Germany moves to block takeovers by foreign investors

News


13 Jul, 2017

Germany moves to block takeovers by foreign investors

The German government has approved plans to make it simpler for the state to veto takeover attempts of certain firms by foreign investors to protect the country’s “know-how”.

The move allows the government to block foreign takeovers if they “could endanger so-called critical infrastructure”, particularly software firms that work with banks, airports and hospitals, managing cloud data or telecommunications, reported German newspaper the Süddeutsche Zeitung.

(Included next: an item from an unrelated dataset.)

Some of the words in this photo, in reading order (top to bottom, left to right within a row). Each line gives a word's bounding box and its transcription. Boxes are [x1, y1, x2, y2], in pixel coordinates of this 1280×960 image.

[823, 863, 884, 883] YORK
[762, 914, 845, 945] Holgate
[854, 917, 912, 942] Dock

The general aim of the Economy Ministry’s tender, approved by Chancellor Angela Merkel’s cabinet on Wednesday, is to stop Germany losing their control to foreign countries.

State secretary, Matthias Maching, said: “We know that there is critical infrastructure that is attractive to ¬investors. We are indeed an open economy, but we are not naive.”

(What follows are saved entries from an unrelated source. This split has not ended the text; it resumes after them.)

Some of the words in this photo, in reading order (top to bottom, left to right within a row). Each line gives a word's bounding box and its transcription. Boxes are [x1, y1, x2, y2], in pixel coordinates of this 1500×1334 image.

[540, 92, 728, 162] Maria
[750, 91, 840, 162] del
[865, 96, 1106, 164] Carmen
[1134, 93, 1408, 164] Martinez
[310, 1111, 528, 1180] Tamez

The new policy would make it harder for ¬investors from outside the European Union and would slow down the takeover process by giving the government double the current time to carry out its investigations on any bid, allowing up to four months. The measure also ensures authorities can ascertain whether companies attempting a takeover of German firms was not established in the EU as a sham to get around regulations.

The move is a late response to the controversial takeover of Augsburg ¬robotics maker Kuka last year by the Chinese firm Midea, reported the newspaper. Germany is also allegedly working on a proposed reform at EU level, as Brussels is responsible for questions about trade.

German, French and Italian economy ministers warned the EU Commission in February about a “possible sell-off of European expertise”.

French president, Emmanuel Macron has also called for an EU process designed for vetting and even blocking unwanted takeovers from non-European companies.

The German government’s efforts to protect its firms come just days after the G20 summit in Hamburg where members reached a compromise to “fight protectionism”, while allowing nations to use “legitimate trade defence instruments” to protect markets.